LMS
The end of the fucking world can only get worse, I promise.
by Basile Lebret
Dogs began to howl outside of the cold bedroom window. Closer this time.
Petr, as would a kid, turned away from the window and onto his side, spooning his mistress with the maximum of his body, feeling the furnace she always had been. Outside, the car alarms seemed to get closer to the house, one by one, before trailing off into the distance.
Ivanna moaned. Petr tried to comfort her.
Something exploded, close enough to send trinkets clattering from shelves to the floor all around the house.
Ivanna stood up, alarmed, knocking into Petr’s teeth as he leaned in to reassure her with a kiss.
“Ouch,” he shot while she went on, uncaring:
“What happened?”
“I don’t know. Something exploded somewhere,” he answered, putting a hand to his bleeding lip.

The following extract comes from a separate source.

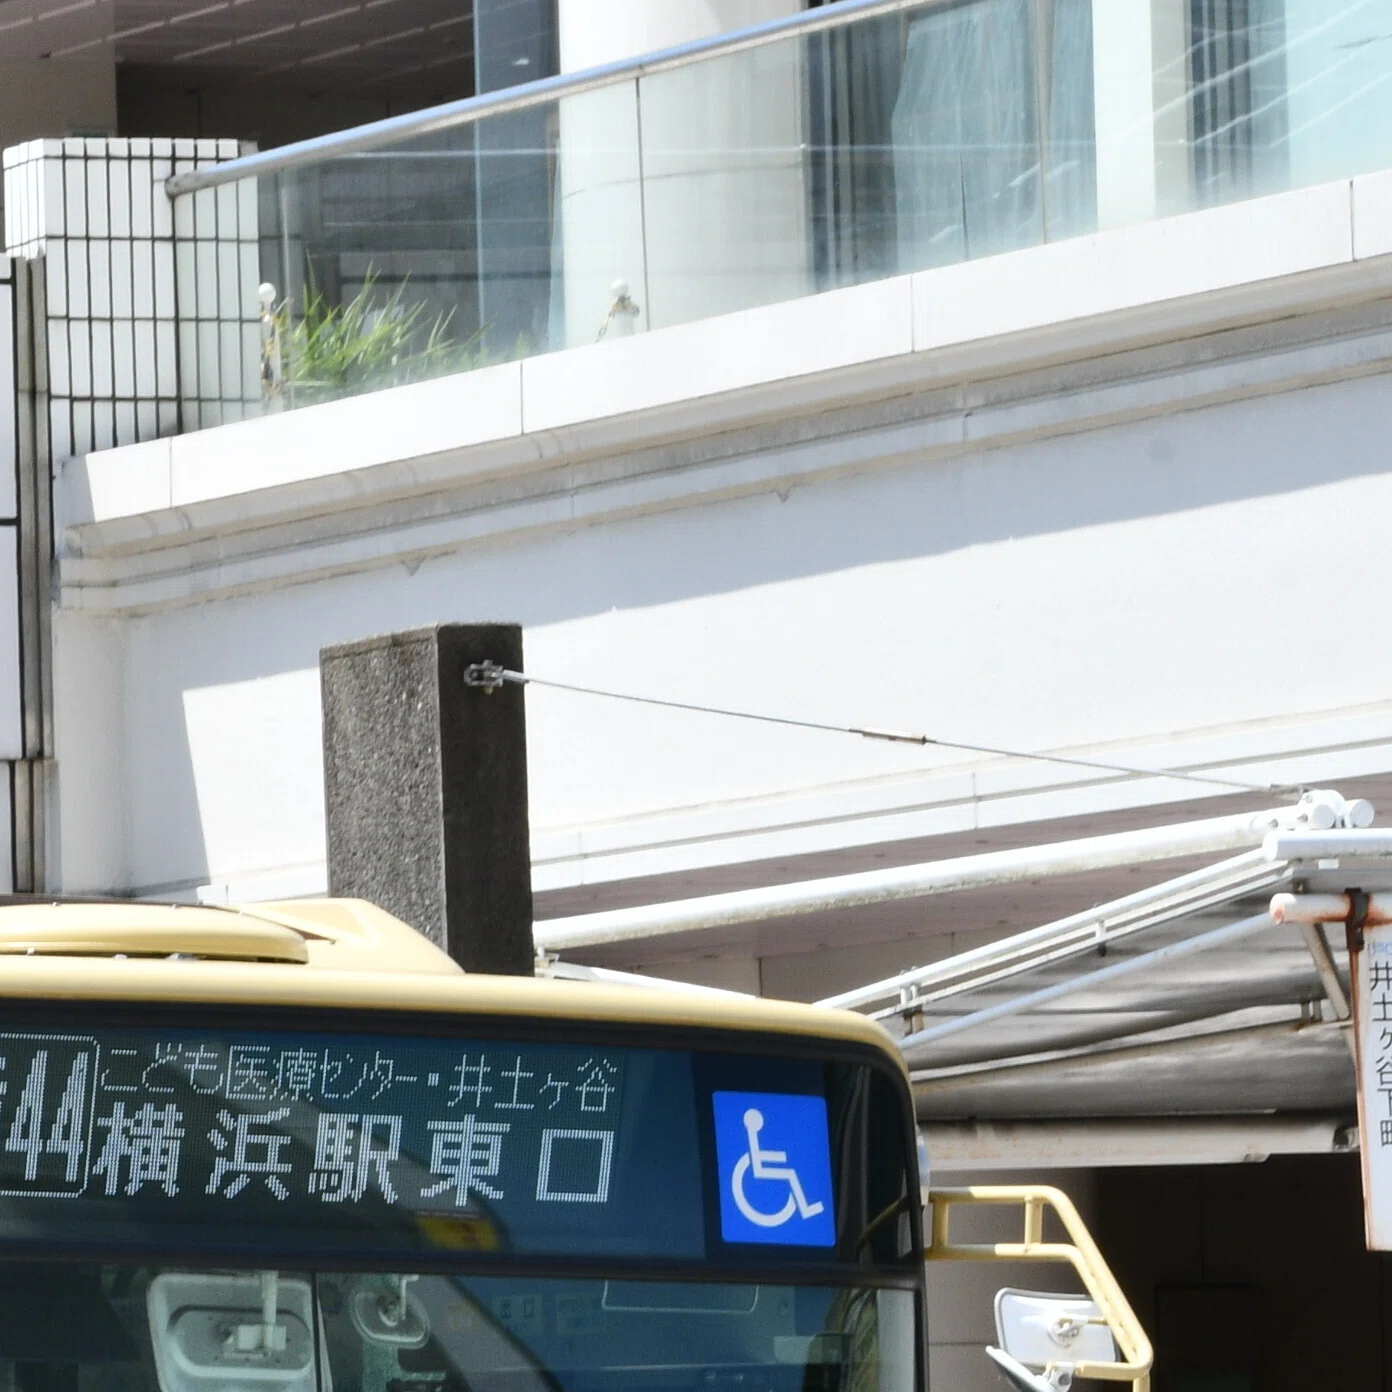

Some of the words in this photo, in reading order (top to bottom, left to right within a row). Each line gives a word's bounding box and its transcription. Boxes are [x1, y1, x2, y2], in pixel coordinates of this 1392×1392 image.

[91, 1100, 616, 1208] 横浜駅東口

He knew Ivanna had loved, well still loved, this nonchalance about him, the way his presence made everything feel somehow removed. This carelessness—while his naked body lay haphazardly in her bed, stained by the mercury lamplight outside—she seemed to hate it right now.
“And that’s all you got to say about it?”
“What do you want me to do? Even if I knew it wouldn’t be like I could do anything.”
“Bandages are in the bathroom,” she asserted while bending to get her phone on her bedside table.
“I’m not gonna bandage my lip, Ivy.”
She sat next to him, her phone’s screen turning her skin an ornate blue. Fumbling through social media, she wiped a cigarette with her left hand, lit it and started to puff.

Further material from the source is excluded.